*BRIEF*. Write an exact copy of the entries below that leaves out all pictures.

-- Opening Marker --

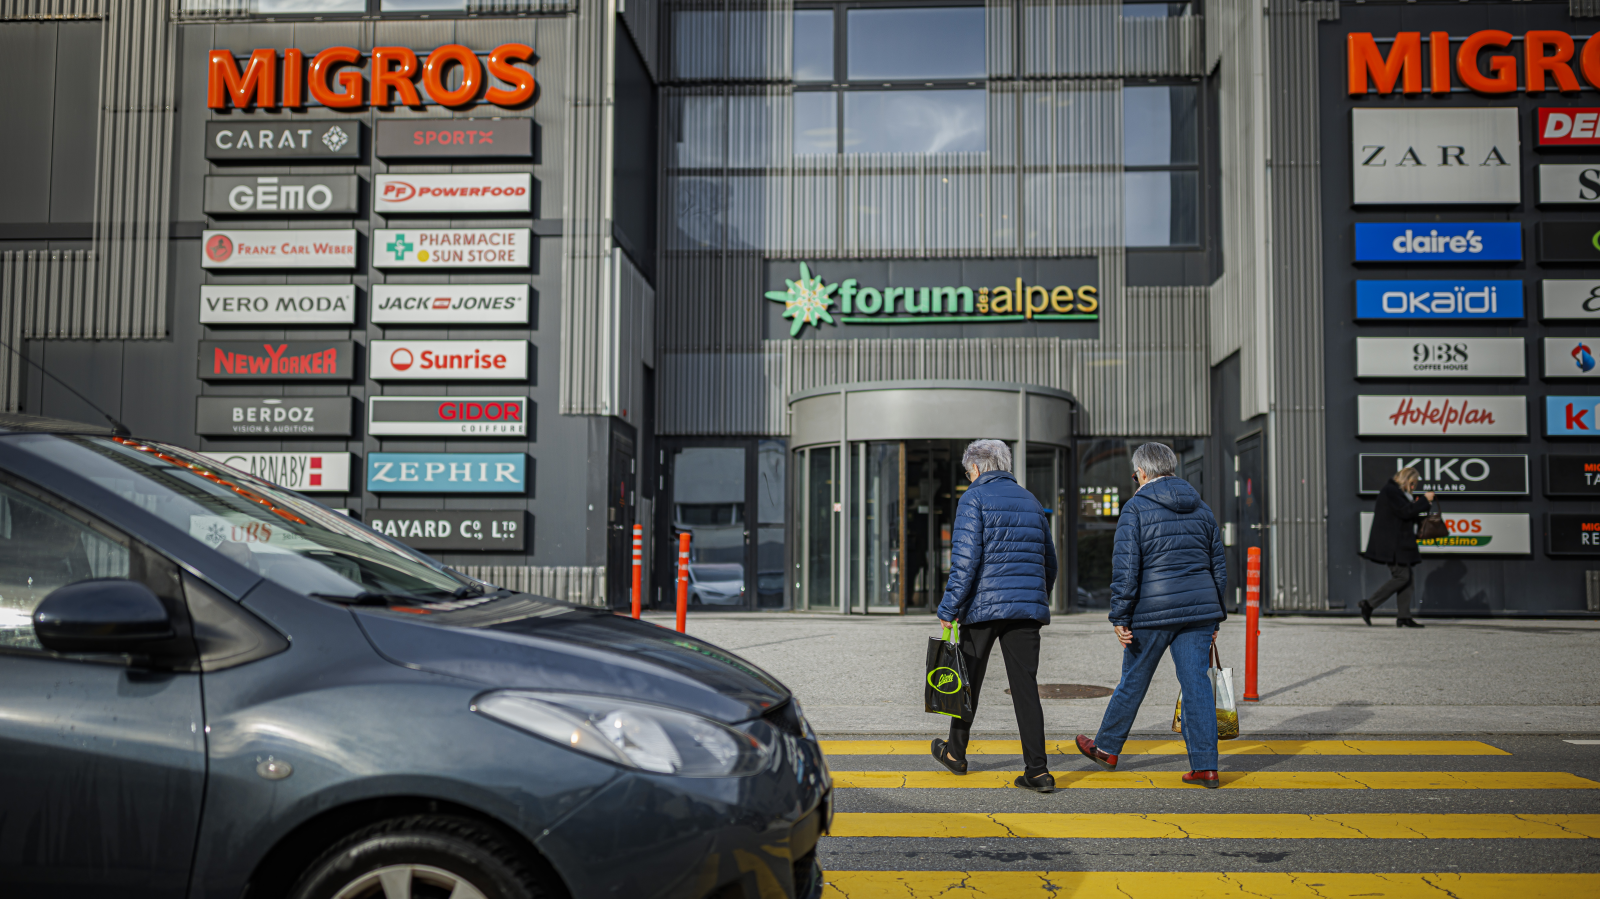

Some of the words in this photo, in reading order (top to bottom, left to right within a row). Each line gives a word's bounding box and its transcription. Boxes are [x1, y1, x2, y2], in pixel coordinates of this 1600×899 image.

[207, 43, 536, 109] MIGROS
[1543, 113, 1600, 138] DE
[215, 129, 312, 149] CARAT
[413, 130, 494, 145] SPORTX
[1361, 145, 1511, 167] ZARA
[418, 186, 526, 197] POWERFOOD
[419, 233, 516, 246] PHARMACIE
[1392, 229, 1483, 254] claire's
[432, 249, 463, 262] SUN
[467, 249, 516, 262] STORE
[206, 296, 269, 312] VERO
[275, 296, 347, 312] MODA
[378, 297, 431, 310] JACK
[451, 297, 516, 310] JONES
[838, 278, 974, 314] forum
[976, 286, 989, 313] des
[990, 277, 1098, 319] alpes
[419, 349, 507, 369] Sunrise
[1413, 363, 1442, 371] COFFEE
[1443, 363, 1469, 371] HOUSE
[232, 407, 314, 422] BERDOZ
[438, 402, 520, 421] GIDOR
[1389, 397, 1496, 433] Hotelplan
[232, 425, 261, 433] VISION
[264, 425, 270, 433] &
[272, 425, 314, 433] AUDITION
[461, 424, 524, 433] COIFFURE
[222, 455, 307, 488] ARNABY
[371, 462, 520, 483] ZEPHIR
[230, 521, 272, 543] UBS
[371, 519, 452, 538] BAYARD

-- Closing Marker --

*ANSWER FOR THE TASK*.
Some of the words in this photo, in reading order (top to bottom, left to right within a row). Each line gives a word's bounding box and its transcription. Boxes are [x1, y1, x2, y2], in pixel coordinates of this 1600×899 image.

[207, 43, 536, 109] MIGROS
[1543, 113, 1600, 138] DE
[215, 129, 312, 149] CARAT
[413, 130, 494, 145] SPORTX
[1361, 145, 1511, 167] ZARA
[418, 186, 526, 197] POWERFOOD
[419, 233, 516, 246] PHARMACIE
[1392, 229, 1483, 254] claire's
[432, 249, 463, 262] SUN
[467, 249, 516, 262] STORE
[206, 296, 269, 312] VERO
[275, 296, 347, 312] MODA
[378, 297, 431, 310] JACK
[451, 297, 516, 310] JONES
[838, 278, 974, 314] forum
[976, 286, 989, 313] des
[990, 277, 1098, 319] alpes
[419, 349, 507, 369] Sunrise
[1413, 363, 1442, 371] COFFEE
[1443, 363, 1469, 371] HOUSE
[232, 407, 314, 422] BERDOZ
[438, 402, 520, 421] GIDOR
[1389, 397, 1496, 433] Hotelplan
[232, 425, 261, 433] VISION
[264, 425, 270, 433] &
[272, 425, 314, 433] AUDITION
[461, 424, 524, 433] COIFFURE
[222, 455, 307, 488] ARNABY
[371, 462, 520, 483] ZEPHIR
[230, 521, 272, 543] UBS
[371, 519, 452, 538] BAYARD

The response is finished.